In 1959, Johns began his career as an assistant recording engineer at IBC Studios on Portland Place in London. IBC was an independent recording studio and had no affiliation with a label. Johns recounts that his early duties included odd tasks and providing basic support for the experienced engineers. His first session as a recording engineer was for the popular skiffle singer Lonnie Donegan.

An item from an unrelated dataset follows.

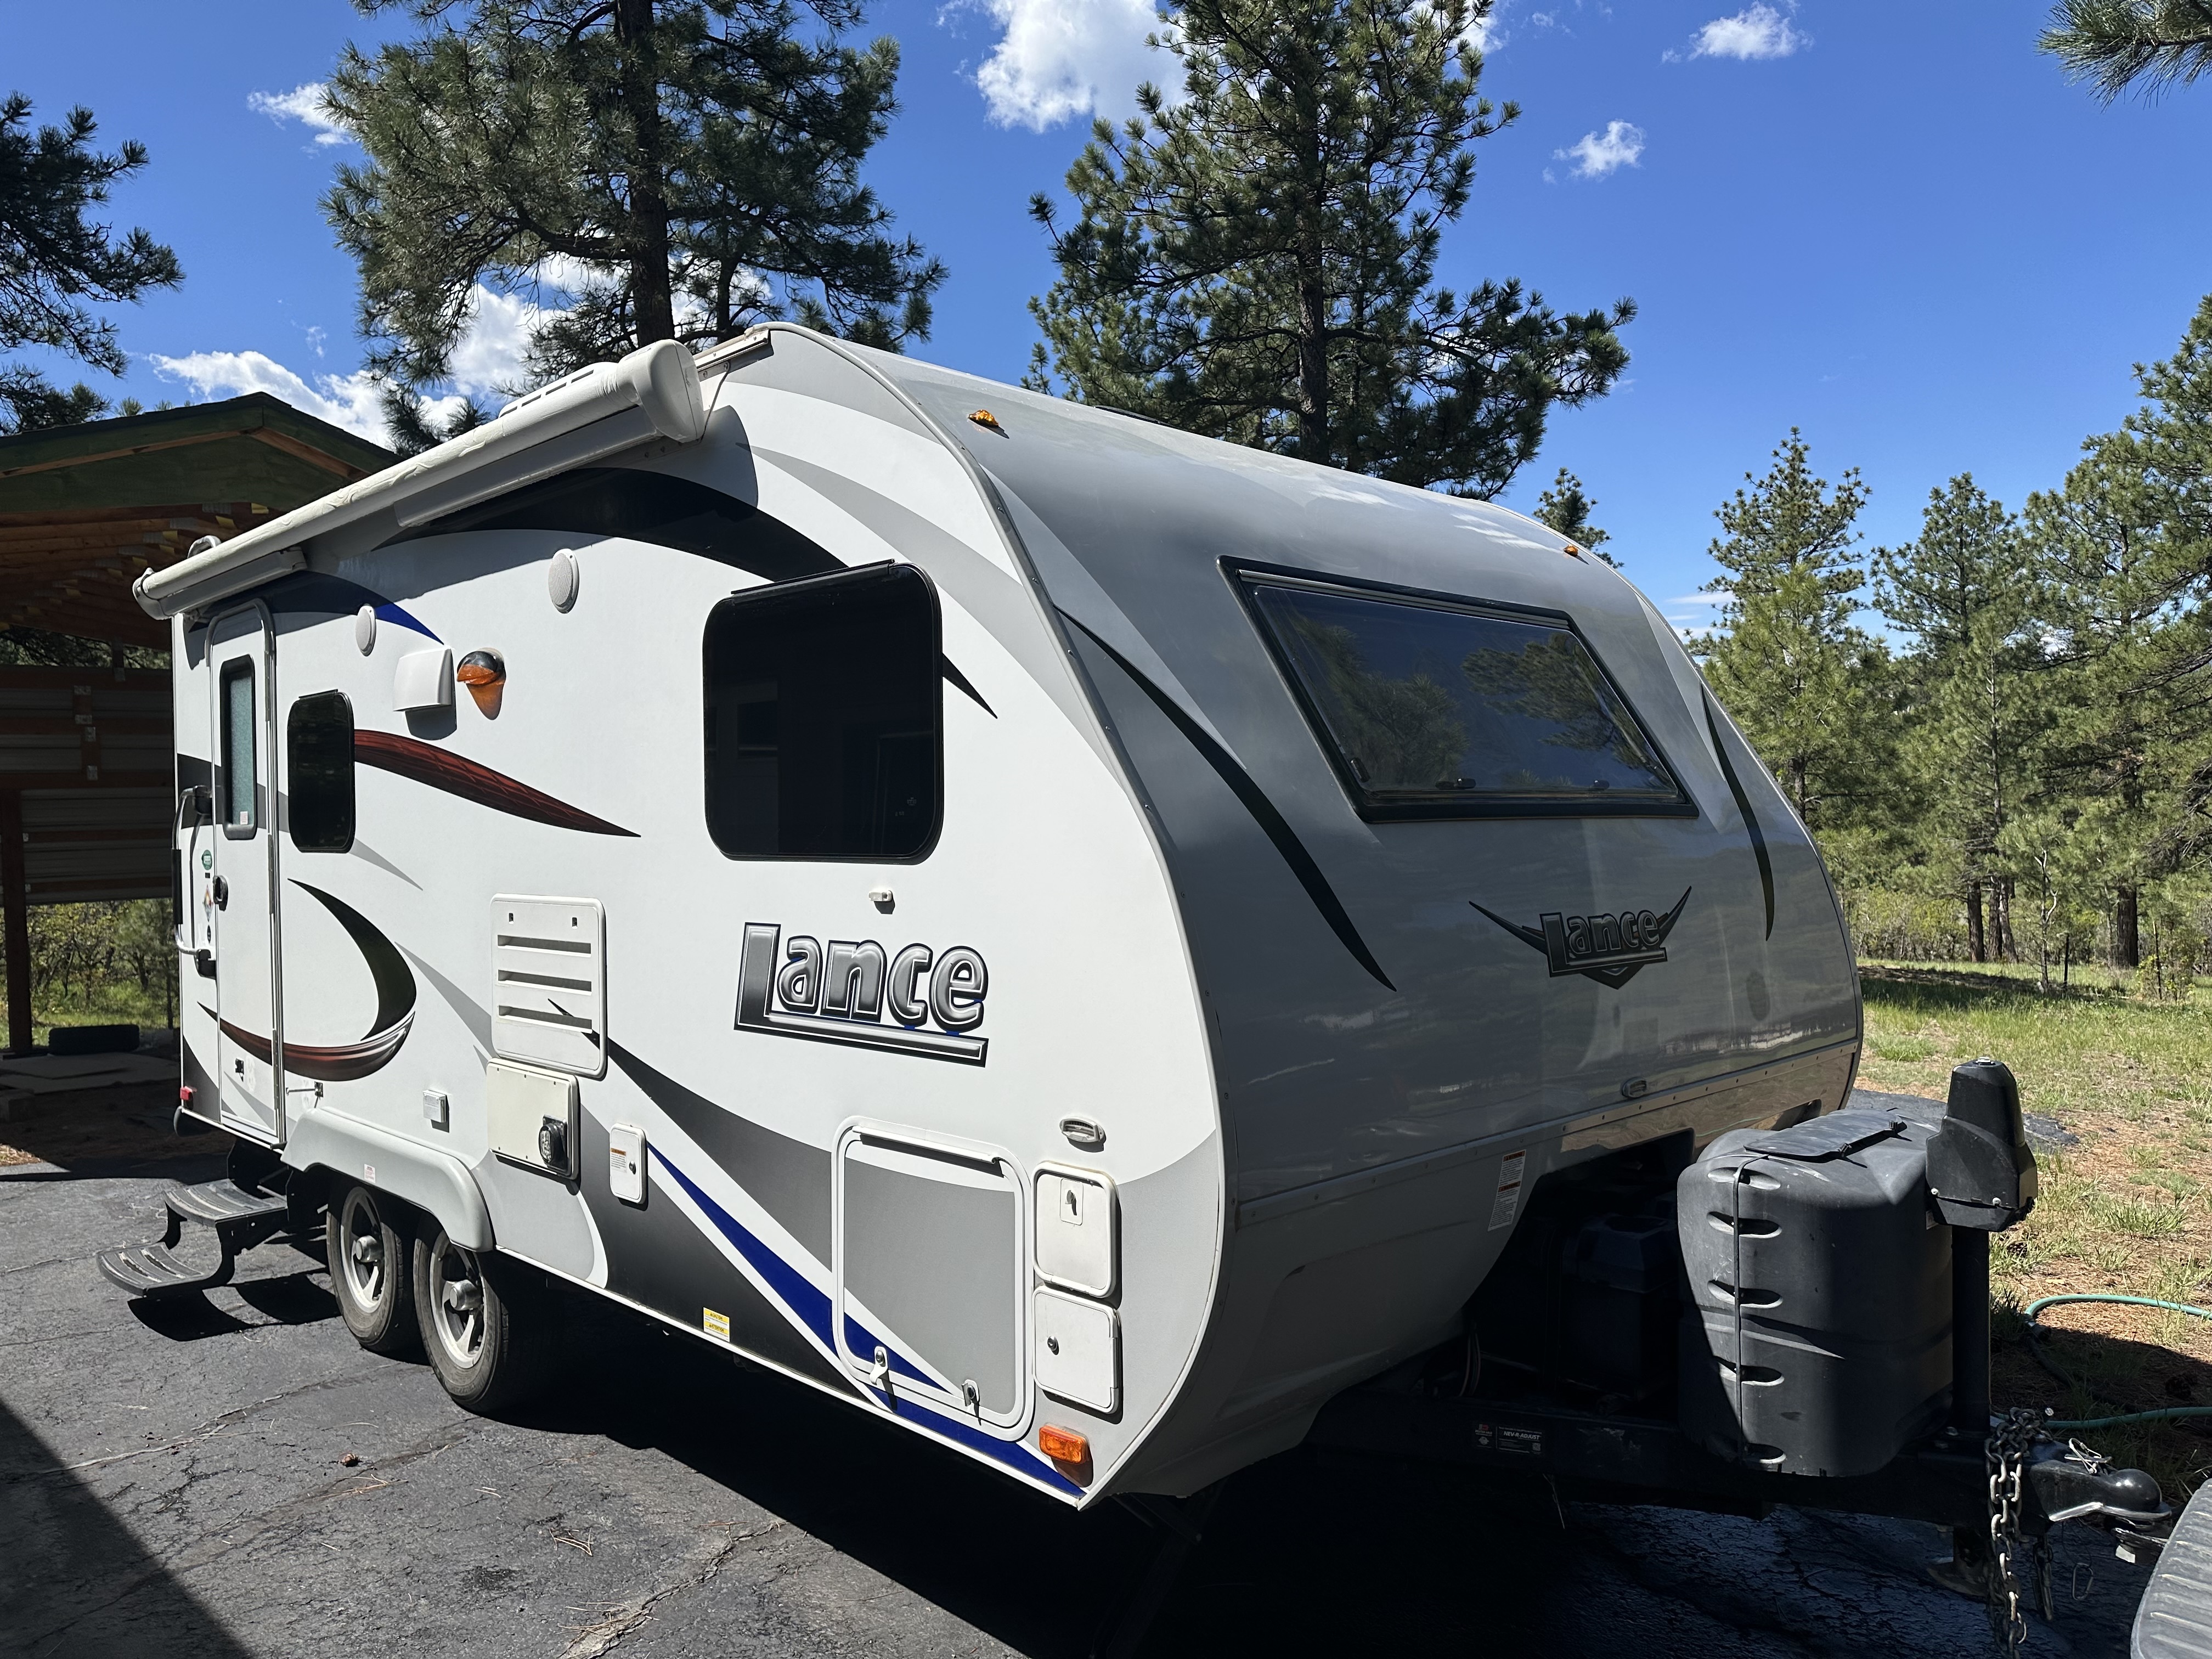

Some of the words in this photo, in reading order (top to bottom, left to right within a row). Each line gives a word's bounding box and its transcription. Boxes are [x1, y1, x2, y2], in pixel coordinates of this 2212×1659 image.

[1539, 910, 1668, 978] Lance
[733, 922, 989, 1068] Lance
[1503, 1431, 1540, 1440] NEV-R-ADJUST

At the time IBC had a busy schedule. Coats and ties were required to be worn by recording engineers (and white lab coats for technical engineers). Most recordings were done then in mono (except for classical music). During Johns's first year at IBC, the popularity of rock and roll increased and demand for records that sounded more American. Engineers were confronted with the challenge of capturing louder music. Younger engineers were more apt to try new approaches, and Terry Johnson, another young engineer at IBC, convinced Johns to move in this direction. Johns recounts that Jack Good, one of the UK's early successful television rock and roll producers, made regular use of IBC Studios, and did many of his recordings with Johns and Johnson engineering sessions. They engineered pre-recorded tracks for the Oh Boy! television programme, which featured leading British rock and roll performers of the day, such as Joe Brown, Marty Wilde, Billy Fury, Wee Willie Harris, and others.

Johns recounts that in the early 1960s, he was signed to Decca Records as a solo musical performing artist at the urging of Jack Good. Johns's first single, "Sioux Indian", was produced by Jack Good and the next two produced by Tony Meehan. Johns later went on to record for Pye Records and Immediate Records, but none of his solo records became hits.

During this time, Johns was playing in the Presidents, who, according to Johns, began to put the phrase "Featuring Decca Recording Star Glyn Johns" on their posters. Johns realised that he could invite musicians to IBC on Sundays, when the studio was not booking sessions—letting musicians play in the sound room whilst he honed his engineering and producing skills at the console. The makeshift sessions attracted many of the best young musicians in London, such as Jimmy Page, Ian Stewart, Alexis Korner, Brian Jones, and Nicky Hopkins. Johns recounts that his first session as chief engineer was for a recording by Joe Brown, which was produced by Tony Hatch. (Note: The chief engineer (or balance engineer) is usually an experienced engineer who (often under the producer) supervises studio crew and critical aspects of the recording process. Amongst various tasks during recording sessions, the chief engineer operates equipment in the control room that requires complicated settings, such as the recording console, outboard equipment/signal processing. The chief engineer will usually set the preliminary levels (pre-mix) during the recordings. The chief engineer will often do the later final mix, but sometimes another engineer is chosen for the final mix.) In 1962, Johns entered into an arrangement with George Clouston, the manager at IBC studios, to let him produce records by certain artists.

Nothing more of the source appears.